Lines before the one containing "this 1600×900 image." are left out; that line and all after it, through the end of the records, must be transcribed exactly.

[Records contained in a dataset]
....

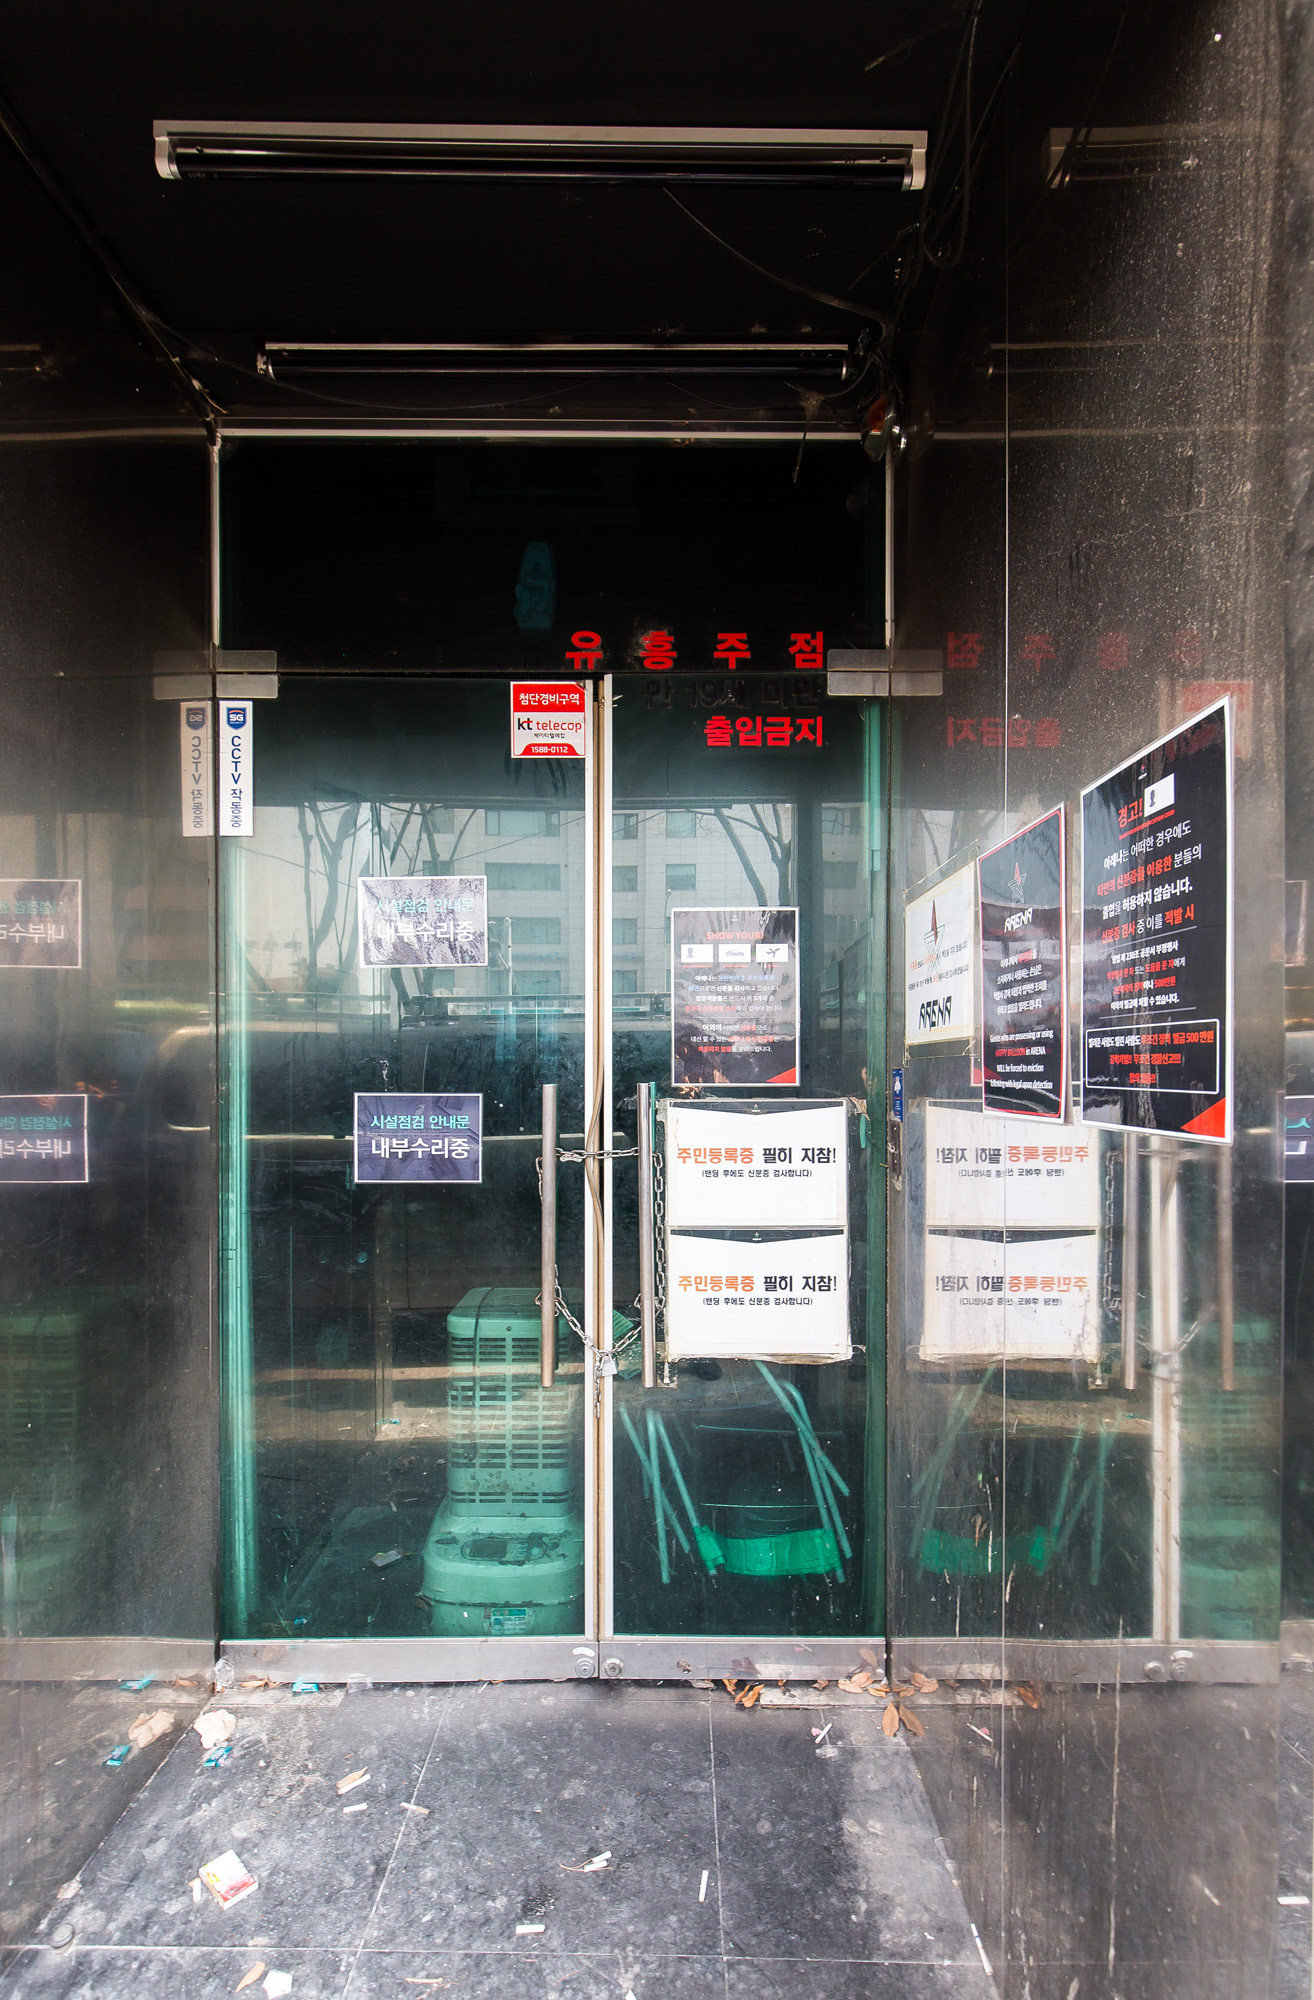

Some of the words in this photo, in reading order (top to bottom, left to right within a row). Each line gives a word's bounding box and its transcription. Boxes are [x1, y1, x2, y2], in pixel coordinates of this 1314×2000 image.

[519, 693, 580, 706] 첨단경비구역
[644, 679, 674, 709] 만
[762, 679, 821, 709] 미만
[229, 714, 244, 722] SG
[518, 718, 533, 730] kt
[536, 720, 582, 733] telecop
[704, 716, 823, 747] 출입금지
[231, 736, 242, 784] CCTV
[230, 788, 243, 828] 작동중
[1118, 798, 1143, 828] 경고!
[1104, 848, 1129, 870] 아레나는
[1130, 837, 1154, 857] 어떠한
[1156, 820, 1191, 847] 경우에도
[1097, 878, 1115, 896] 타인의
[1116, 866, 1145, 889] 신분증을
[1147, 855, 1172, 877] 이용한
[1174, 844, 1202, 868] 분들의
[378, 898, 429, 913] 시설점검
[434, 898, 475, 912] 안내문
[1102, 901, 1121, 920] 출입을
[1122, 889, 1152, 911] 허용하지
[1154, 877, 1193, 902] 않습니다.
[1004, 907, 1033, 933] ARENA
[1102, 928, 1120, 944] 신분증
[1121, 921, 1136, 938] 검사
[1137, 919, 1145, 934] 중
[1146, 913, 1162, 930] 이를
[1164, 907, 1183, 925] 적발
[1184, 904, 1194, 920] 시
[378, 921, 474, 942] 내부수리중
[706, 932, 734, 940] SHOW
[735, 932, 764, 940] YOUR!
[1140, 946, 1155, 958] 공문서
[1156, 940, 1179, 953] 부정행사
[1135, 966, 1144, 975] 또는
[1145, 962, 1160, 973] 도움을
[1162, 960, 1167, 970] 준
[1168, 956, 1186, 968] 자에게
[1154, 976, 1176, 988] 500만원
[1124, 999, 1138, 1009] 벌금에
[1149, 997, 1155, 1006] 수
[1156, 992, 1180, 1005] 있습니다.
[919, 996, 952, 1031] ARENA
[1041, 1029, 1054, 1038] using
[1173, 1032, 1186, 1044] 벌금
[1186, 1032, 1199, 1043] 500
[1200, 1030, 1214, 1043] 만원
[1030, 1046, 1046, 1055] ARENA
[370, 1115, 424, 1130] 시설점검
[429, 1115, 470, 1130] 안내문
[371, 1138, 470, 1159] 내부수리중
[677, 1148, 754, 1164] 주민등록증
[762, 1147, 792, 1164] 필히
[801, 1147, 837, 1164] 지참!
[702, 1169, 719, 1178] (밴딩
[723, 1169, 744, 1178] 후에도
[748, 1169, 769, 1178] 신분증
[773, 1169, 812, 1178] 검사합니다)
[678, 1276, 755, 1292] 주민등록증
[764, 1276, 793, 1292] 필히
[802, 1276, 837, 1292] 지참!
[703, 1298, 720, 1306] (밴딩
[724, 1298, 745, 1306] 후에도
[748, 1298, 770, 1306] 신분증
[774, 1298, 813, 1306] 검사합니다)
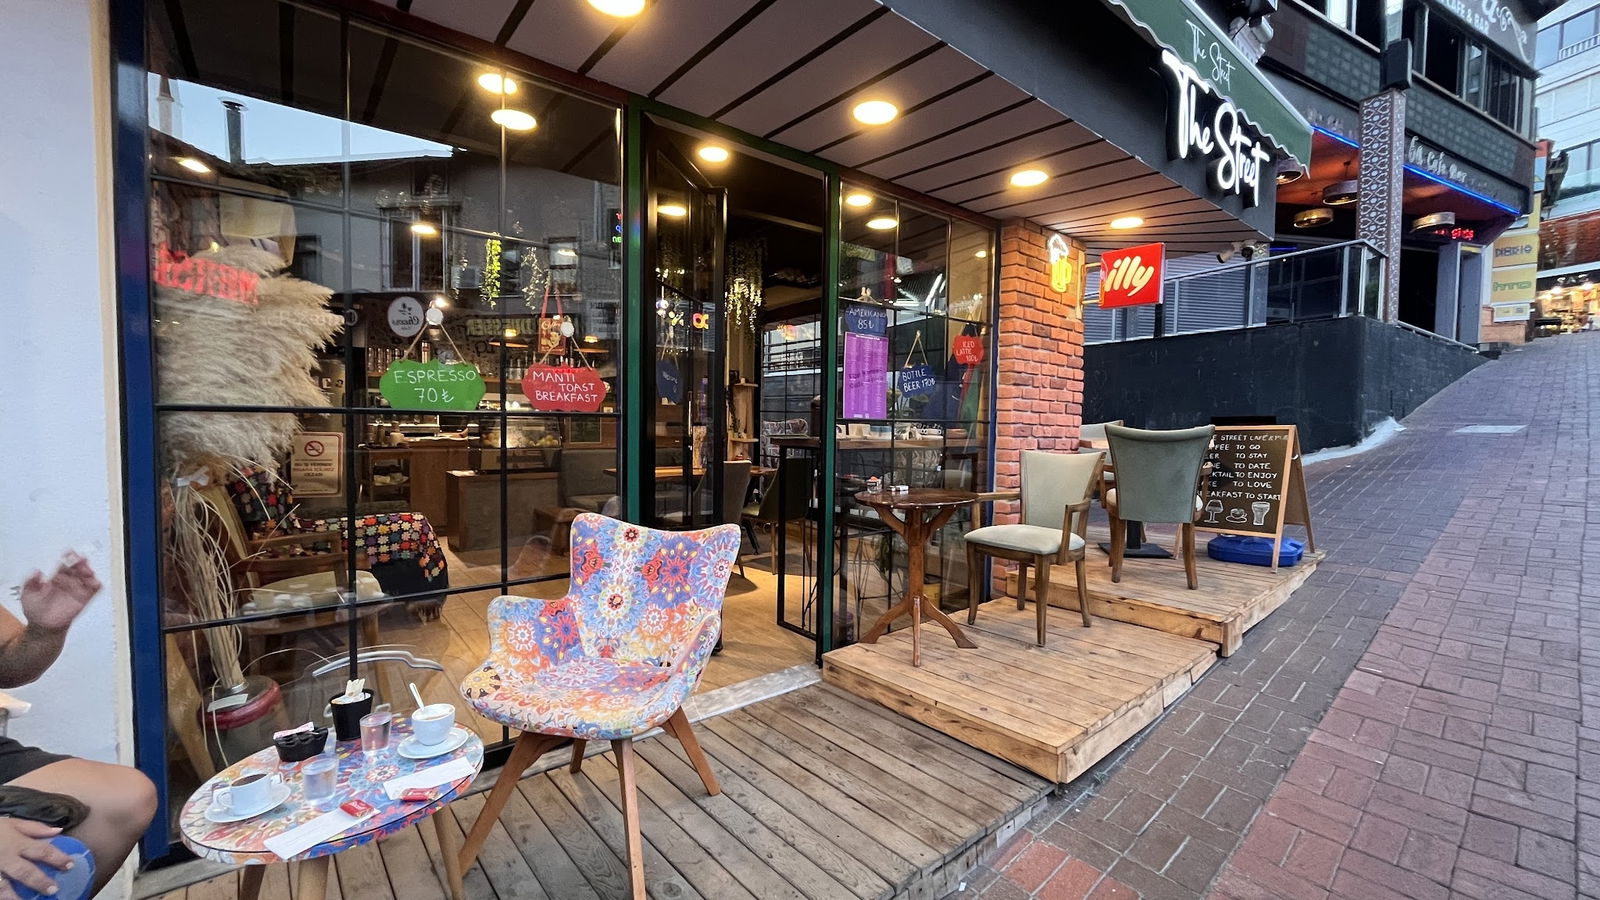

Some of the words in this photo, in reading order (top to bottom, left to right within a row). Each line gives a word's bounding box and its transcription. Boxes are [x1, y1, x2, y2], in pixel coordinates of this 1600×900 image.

[1474, 13, 1490, 35] BAR
[1186, 19, 1207, 63] The
[1209, 42, 1236, 91] Street
[1162, 49, 1214, 159] The
[1214, 102, 1270, 207] Street
[1104, 255, 1155, 297] illy
[393, 369, 477, 384] ESPRESSO
[533, 371, 575, 383] MANTI
[902, 368, 927, 381] BOTTLE
[558, 383, 595, 393] TOAST
[903, 380, 921, 393] BEER
[535, 390, 598, 403] BREAKFAST
[1248, 462, 1271, 470] DATE
[1247, 471, 1278, 479] ENJOY

....

Result:
Some of the words in this photo, in reading order (top to bottom, left to right within a row). Each line gives a word's bounding box and its transcription. Boxes are [x1, y1, x2, y2], in pixel coordinates of this 1600×900 image.

[1474, 13, 1490, 35] BAR
[1186, 19, 1207, 63] The
[1209, 42, 1236, 91] Street
[1162, 49, 1214, 159] The
[1214, 102, 1270, 207] Street
[1104, 255, 1155, 297] illy
[393, 369, 477, 384] ESPRESSO
[533, 371, 575, 383] MANTI
[902, 368, 927, 381] BOTTLE
[558, 383, 595, 393] TOAST
[903, 380, 921, 393] BEER
[535, 390, 598, 403] BREAKFAST
[1248, 462, 1271, 470] DATE
[1247, 471, 1278, 479] ENJOY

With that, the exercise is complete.